The Subtle Propaganda of Super Heroes

Happy Fourth of July 2014!

             I haven’t seen “The Black Panther” and undoubtedly won’t.  I lost what little interest I might have had when I found out Bobby Seale wasn’t in it.  But apparently, not many movie-goers share that perspective as it has become one of the most profitable films of all time.

            Superheroes are popular diversions in societies devoid of hope where citizens feel they have no real control over their own lives, let alone the world in which they live.  They have become the most popular method for distributing American propaganda since the death of John Wayne.  And now they have been turned into tools of the capitalist elite.  Considering that repugnant element of our society cares little about anything but the profit motive, I have no doubt we will soon be seeing new superheroes who are Latino and gay and disabled until we make it all the way to the heroic “Mixed-race, gender-confused person in a wheelchair.”

            That’s the way capitalism works.  You find an idea that made someone money and you beat it to death to squeeze out every last penny with no regard to the effect of your actions on the industry, the nation or the world.  It requires no conscience; a conscience is, in fact, a detriment.  It has no room for integrity; integrity is a weakness inflicting the guy in the soup line.  And it could care less if the information it is dispensing is honest or dishonest.

            Generally speaking, if any information causes you to feel better about your life and more accepting of your place in society without changing it in any productive way or helping you understand it better, you are dealing with capitalist propaganda.  And if the best source of hope it can provide is, “Maybe a superhero will save you,” you’re probably being manipulated.

            Those of us who grew up during the Cold War have a great deal of difficulty determining when we’re being manipulated.  It began early for us, with the cartoons of our youth pitting resourceful (and always triumphant) American heroes like Rocky and Bullwinkle against evil duos like Boris Badenov and Natasha.  It included so many western gunslingers who shot first and didn’t bother to ask questions later that is sad, but accurate, to say the television programming of my youth was just as thick with gun-toting cowboys and cigarette ads as today’s primetime is inundated with gun-toting cops and pharmaceutical ads; apparently indicating the standard America corporate message has never advanced beyond, “Love your gun and become an addict.”

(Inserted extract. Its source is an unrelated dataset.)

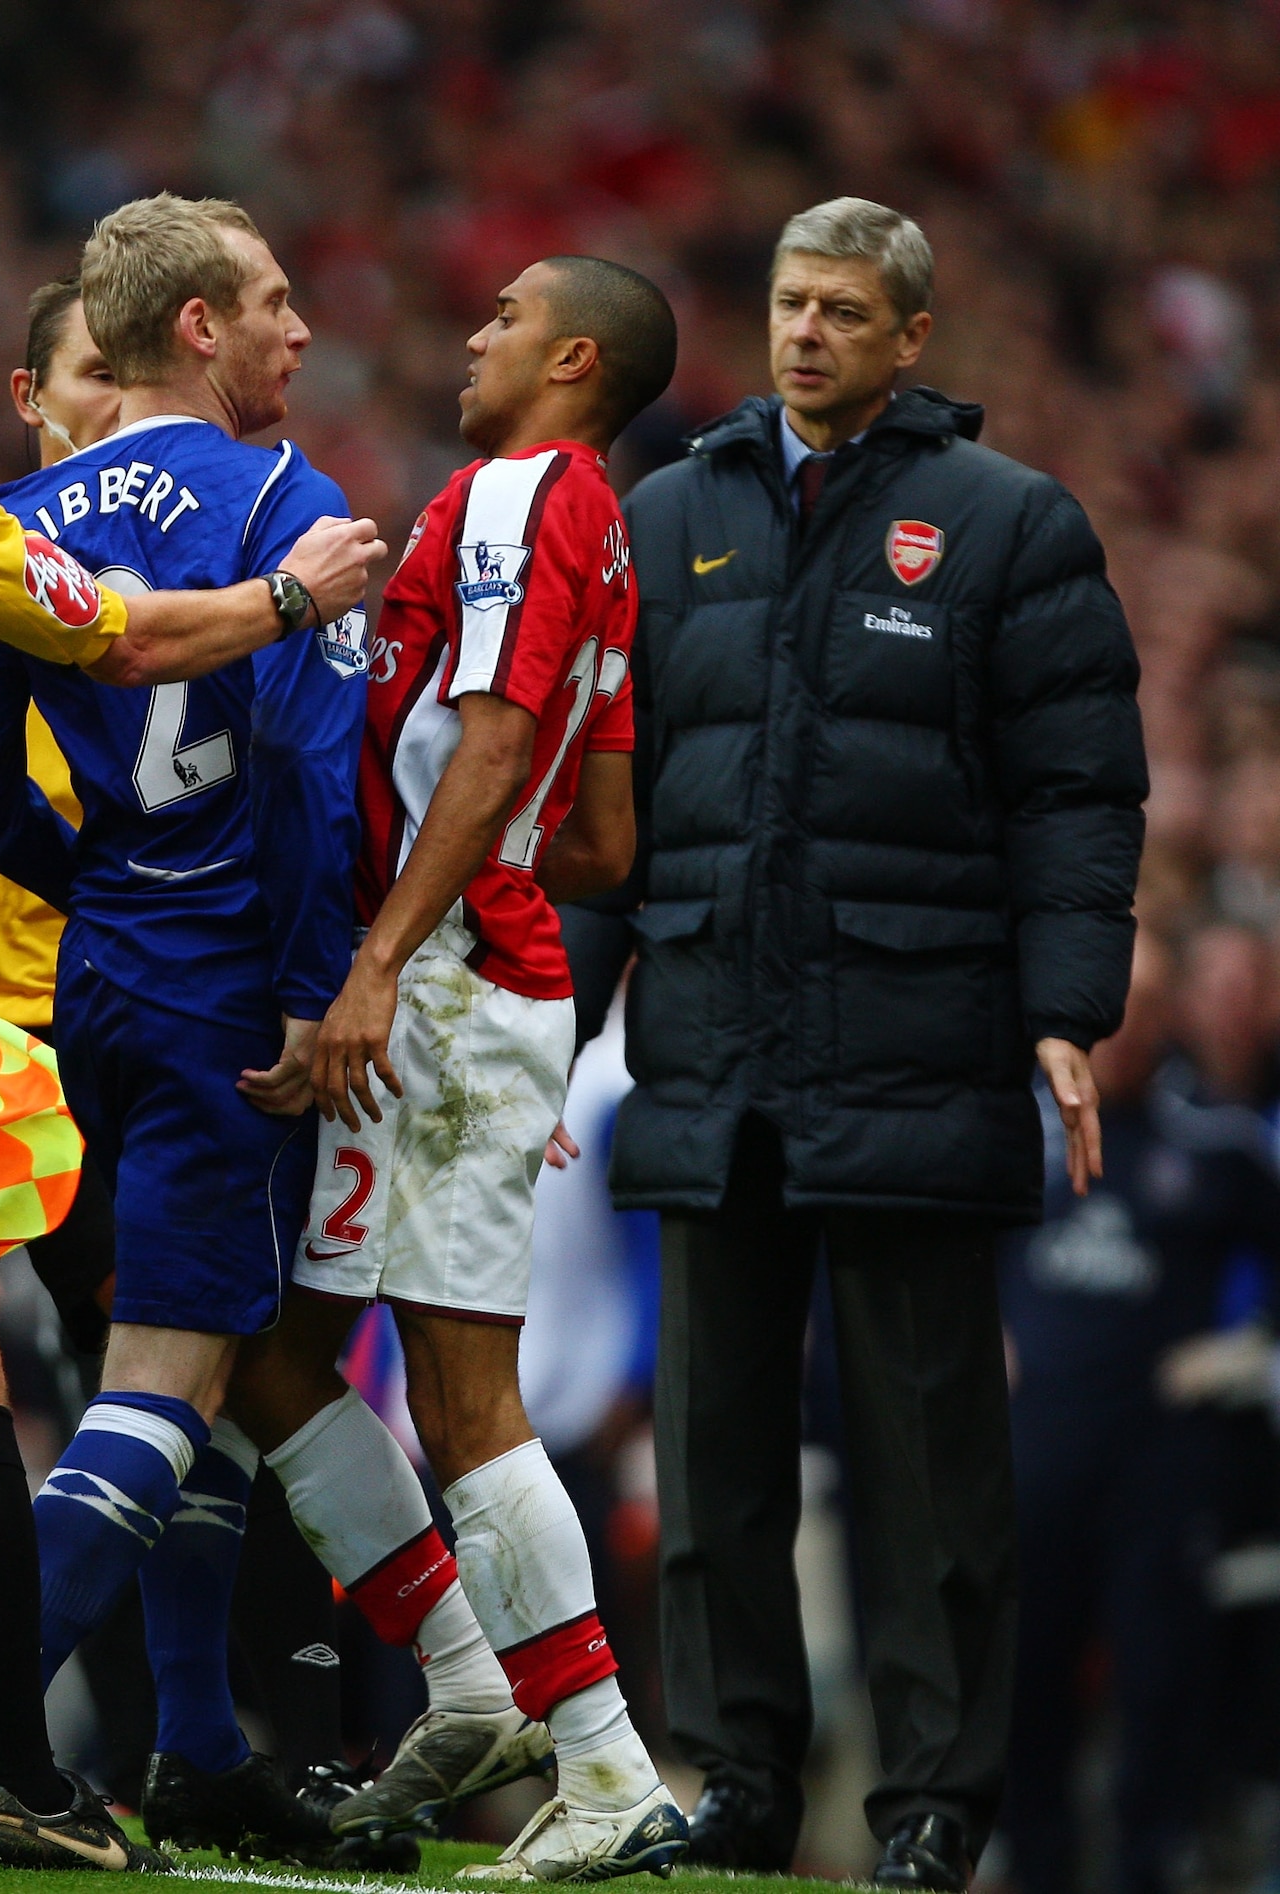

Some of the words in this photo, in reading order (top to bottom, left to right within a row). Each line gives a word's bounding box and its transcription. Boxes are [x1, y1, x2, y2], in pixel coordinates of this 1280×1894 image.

[467, 582, 504, 595] BARCLAYS
[889, 605, 913, 622] Fly
[863, 612, 934, 639] Emirates
[321, 1146, 377, 1245] 2

            But for the younger generations who weren’t force-fed anti-communist brainwashing during their early development and who don’t rely on traditional sources for their entertainment, the situation is rapidly changing.  A 2016 Study by Harvard University determined that only 42% of millennials support capitalism as an economic system and 51% oppose it. Those must be shocking numbers not only for my generation but also for those Americans who were born in the era of Reagan and Ayn Rand when “liberal” somehow became a dirty word.

            Young people are once again renouncing the propaganda of their parents as they did fifty years ago.  Unfortunately, we all know how that turned out.  If they want to permanently change a world that desperately needs to be changed, they must learn from the mistakes of their predecessors.  Reagan took power (and began the assault on many of the progressive gains and empathetic perspectives of the Sixties and Seventies) only after the battlefield was cleared by “heroic” rugged individualists like Charles Bronson and Clint Eastwood who wiped out the “punks” seeking to disrupt the peaceful lives of white people; the latter turning large caliber bullets into veritable objects of worship before he went nuts and started talking to empty chairs.

            And they did it with movies.

            Nearly fifty years after the Reagan Clampdown on creative expression – please don’t kid yourself into believing it was anything but that – we have reached the point where conservative control of the subtler forms of propaganda have almost completely removed progressive ideas from the public forum while the corpulent white Judeo-Christian men with all the money continue to lament the assault of the “liberal media” on their God-given right to be stupid.  As one who has attempted to market a science fiction novel that is intensely political to American agents and publishers, I can report that the common response a writer receives in this situation is, “Americans don’t want politics in their science fiction.”  Meanwhile, Americans flock to the cinema to see films like Avatar and V for Vendetta

The truth is, publishers, don’t want Americans to examine their nation through the lens of the SF genre.  They might learn something other than which bullet makes the biggest splatter when you shoot a “punk.”  And a dystopian future might look a little too much like their dystopian present.

But I guess if you’re going to produce mindless escapism, making a black guy a hero for a change is a step in the right direction.